Why is it better to renovate now and enjoy it for a few years?


The best time to renovate is not just when you plan to move. While it sounds good to say your kitchen or bathroom has recently been redone, you may find that there comes a time when you just need to remodel for your own sake. The prevailing wisdom seems to be that you get the most value at time of sale, but if a remodel is done correctly the value is still going to be there. The numbers may not be as clear, but there are advantages.

Return on Investment

When many homeowners research what home remodeling projects to pursue and how much to spend on them, they typically are checking the average ROI (Return On Investment) of any given project. Most often, this ROI is calculated on what a certain remodeling project will return at the time of sale. This is usually the only concrete measurement of a remodel’s ROI, but that doesn’t need to be true.

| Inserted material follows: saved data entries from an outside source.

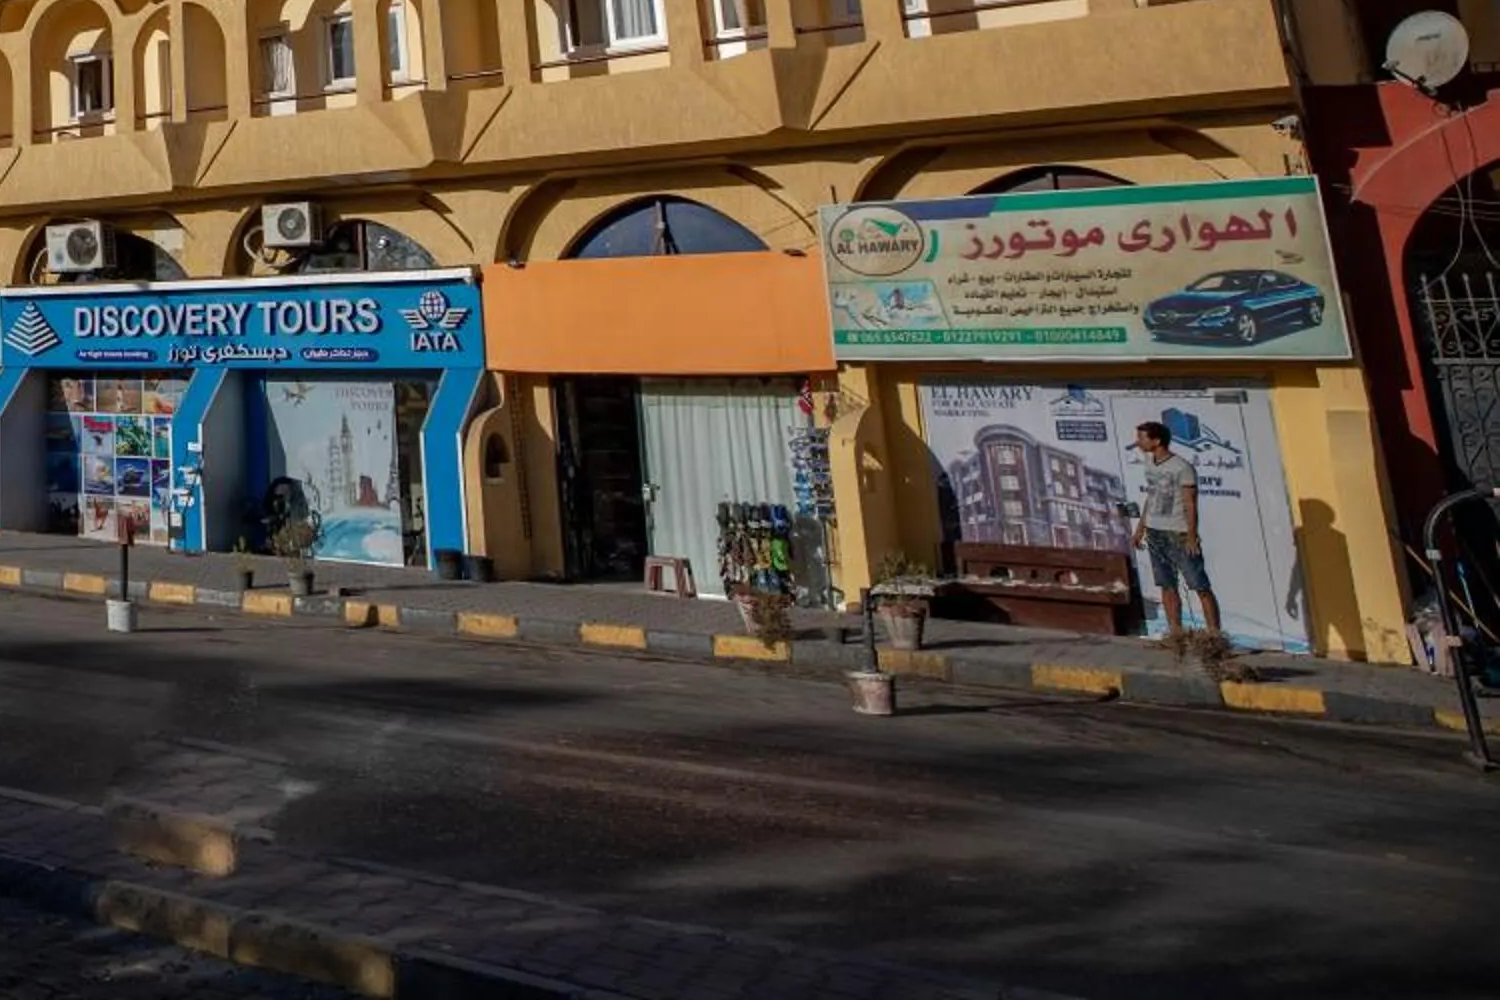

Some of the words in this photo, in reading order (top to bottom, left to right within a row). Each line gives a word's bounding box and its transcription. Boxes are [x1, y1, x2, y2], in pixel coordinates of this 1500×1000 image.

[836, 241, 854, 255] AL
[858, 240, 920, 254] HAWARY
[960, 219, 1105, 260] موتورز
[73, 304, 246, 338] DISCOVERY
[259, 298, 380, 334] TOURS
[410, 332, 459, 352] IATA
[957, 384, 1033, 401] HAWARY

You don’t have to be selling your house tomorrow to remodel because if you plan to be in your house for years to come, you want to be sure your house is still well-maintained and functional. That isn’t to say you should let a kitchen or bathroom fall apart before you remodel, of course, but you should keep in mind that having a up-to-date space helps you as much in the long run as a future owner.

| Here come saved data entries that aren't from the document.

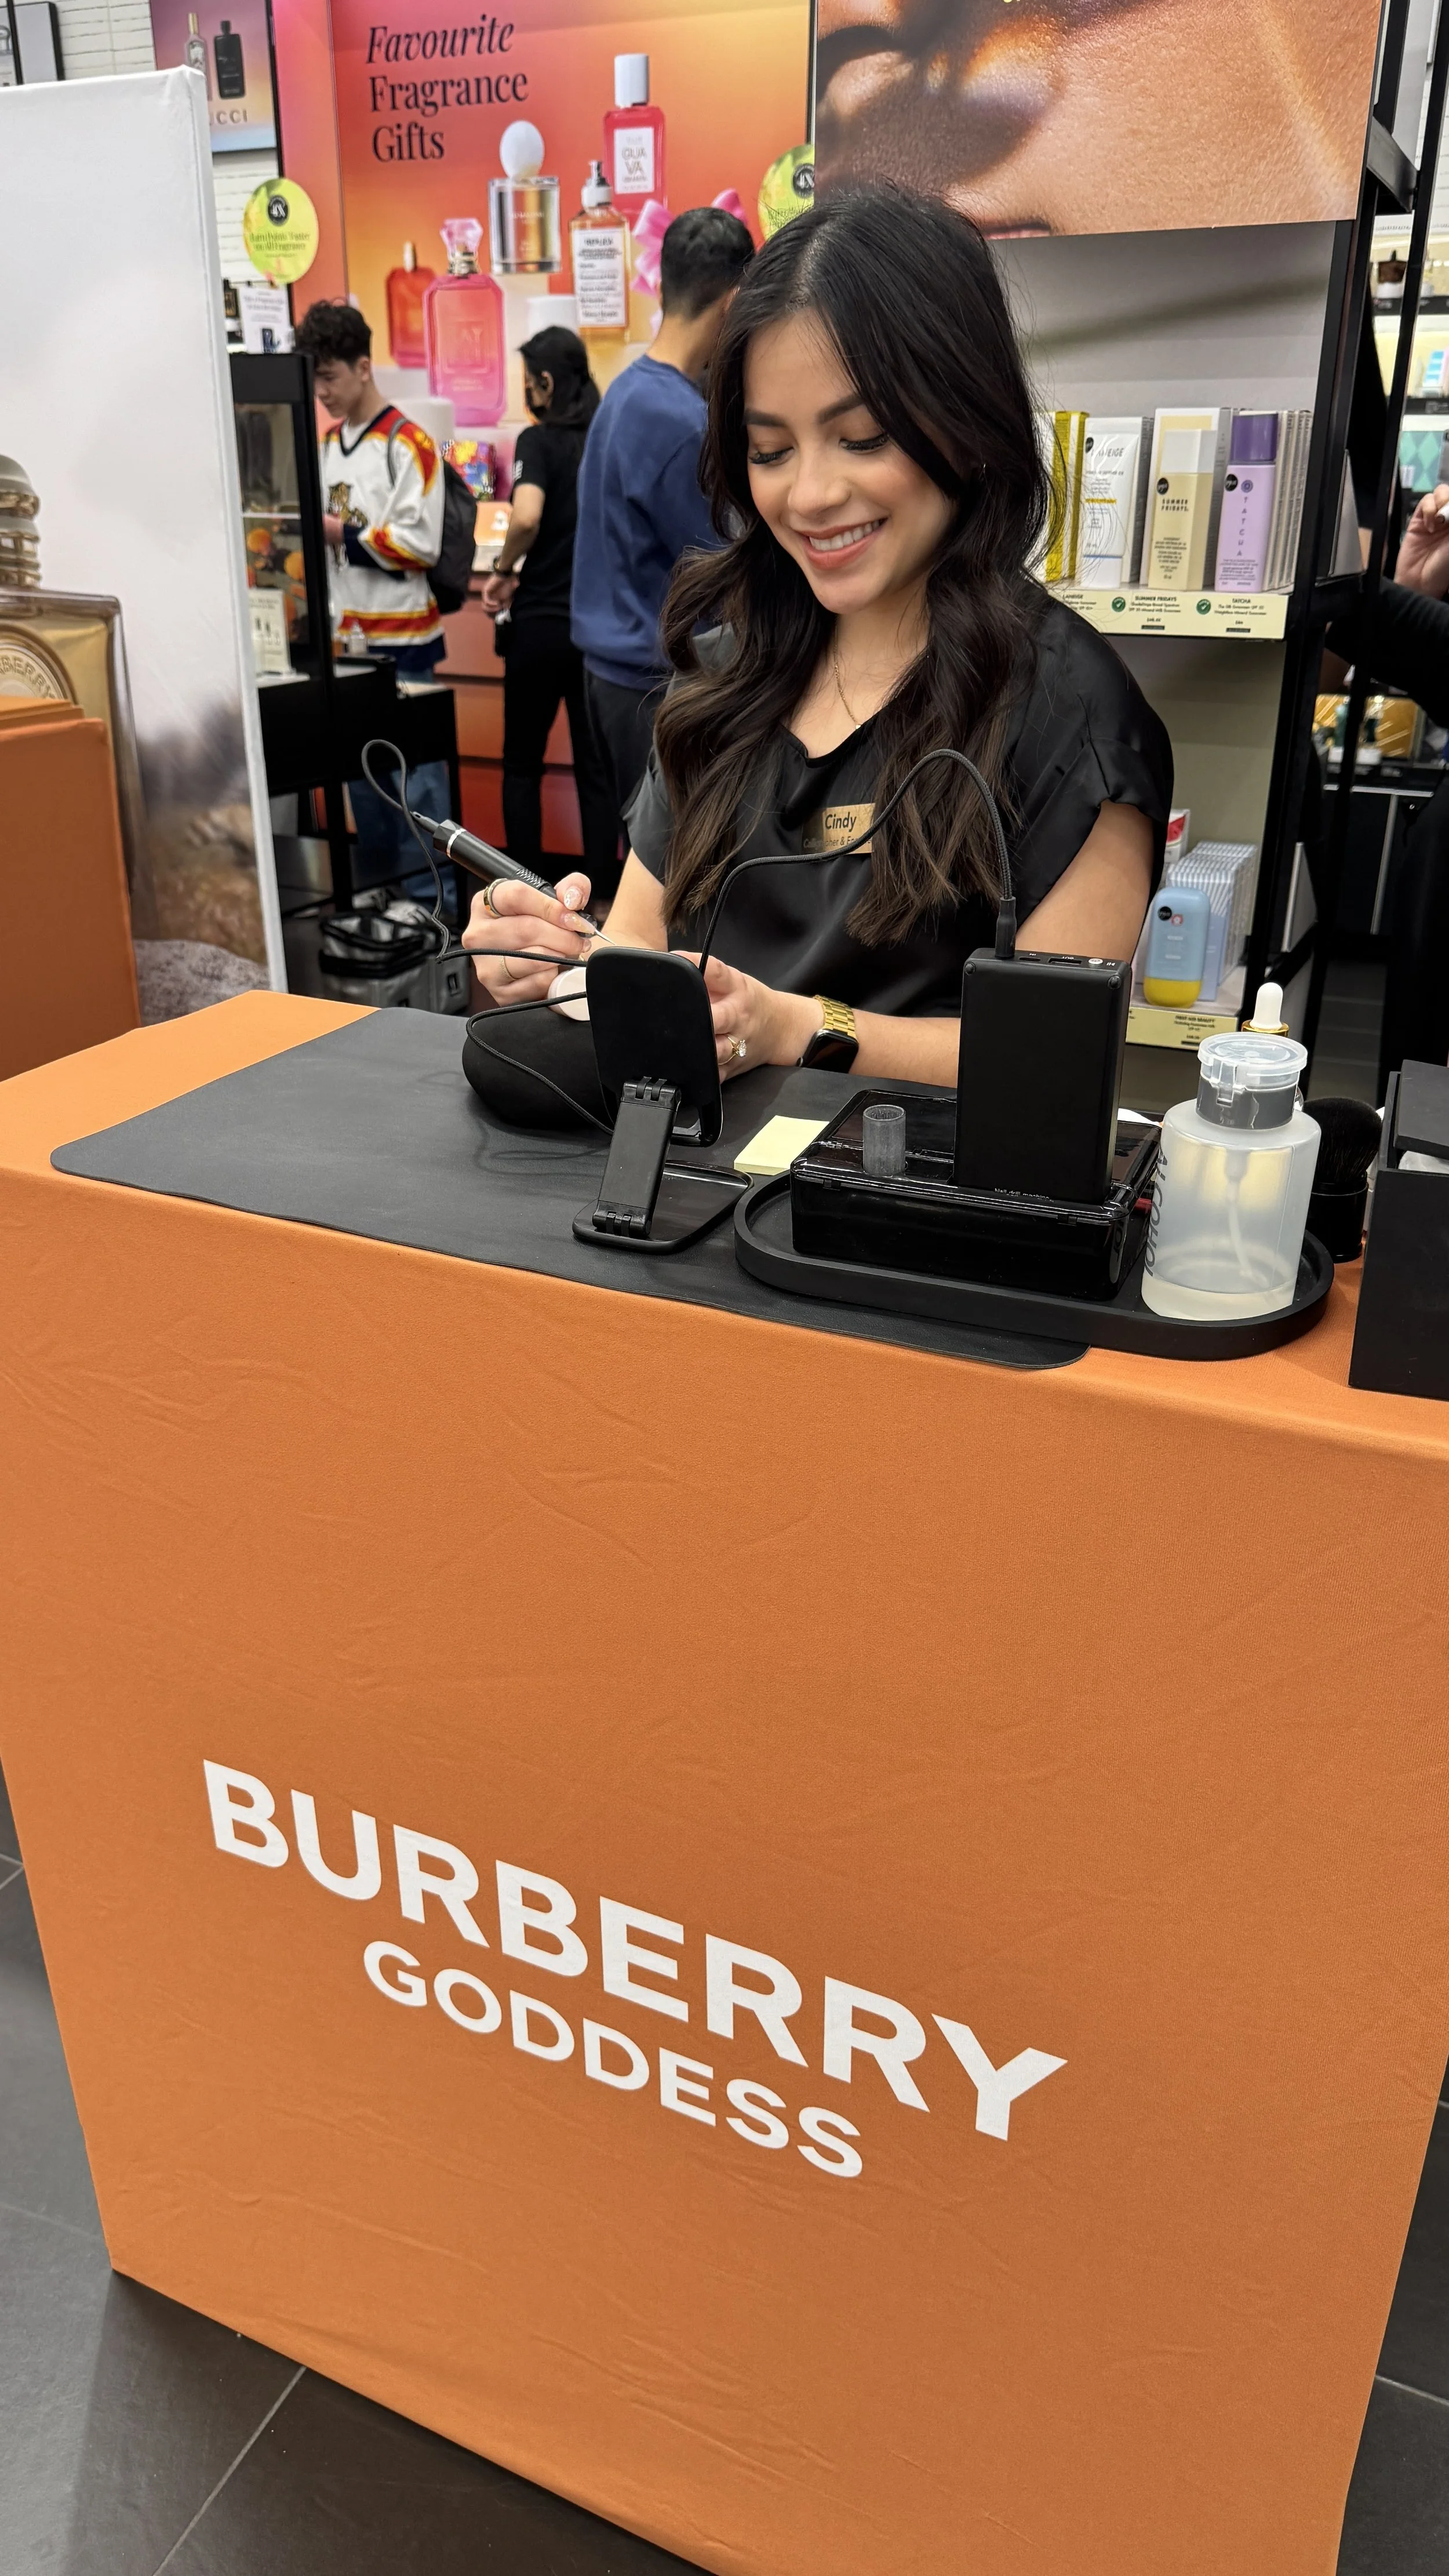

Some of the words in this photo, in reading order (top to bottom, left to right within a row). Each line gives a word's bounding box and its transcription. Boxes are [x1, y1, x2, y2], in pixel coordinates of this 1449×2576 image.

[366, 13, 515, 64] Favourite
[369, 73, 529, 118] Fragrance
[372, 121, 445, 163] Gifts
[825, 812, 857, 832] Cindy
[840, 836, 844, 846] &
[203, 1759, 1068, 2141] BURBERRY
[363, 1940, 863, 2177] GODDESS

While it’s harder to put a number on doing a remodel five years before sale than only a few months before sale, there still is value. Having kitchens or bathrooms that aren’t brand new, but are recently updated, function well and are still appealing is going to help a sale in any case. Sometimes, a remodel may not be what the new owner wants in the first place, and they’ll remodel again as soon as they get in the house. A remodel that was done in the past few years and is more lived in gives more confidence to a potential buyer that it’s functional and little has to be done with it.

Emotional Value vs. Monetary Value

What it all comes down to is weighing emotional value against the monetary value of a remodel. The problem with trusting ROI numbers at time of sale is that every home and every neighborhood is different. Also, doing a remodel for the sake of a remodel screams I want more money for this house. A remodel should be done because it suits the house, not simply because you want to squeeze every dollar out of your home that’s possible.You want to keep in mind that most home remodeling projects typically will recoup about 50 to 70 percent of costs at the time of a sale. Remodels are most effective at providing the best ROI when there is already a structural issue or design flaw, in which case property values can be adjusted favorably and perhaps turn the remodel into a profit in the long run. That’s why if you plan to keep your house for the foreseeable future, you try to remodel in a way that is mostly universally appealing. If you don’t plan to sell at all, then you can throw caution to the wind and do whatever you want, of course.

Knowing that you’ll have the kitchen, bathroom, or other room that you actually want to have does more for you in the long-term in emotional value. But you can argue that a well-loved home with recent upgrades in the past few years is better than remodeling the house all at once just to fetch a better sale price. In the end, the return on investment could well be almost the same.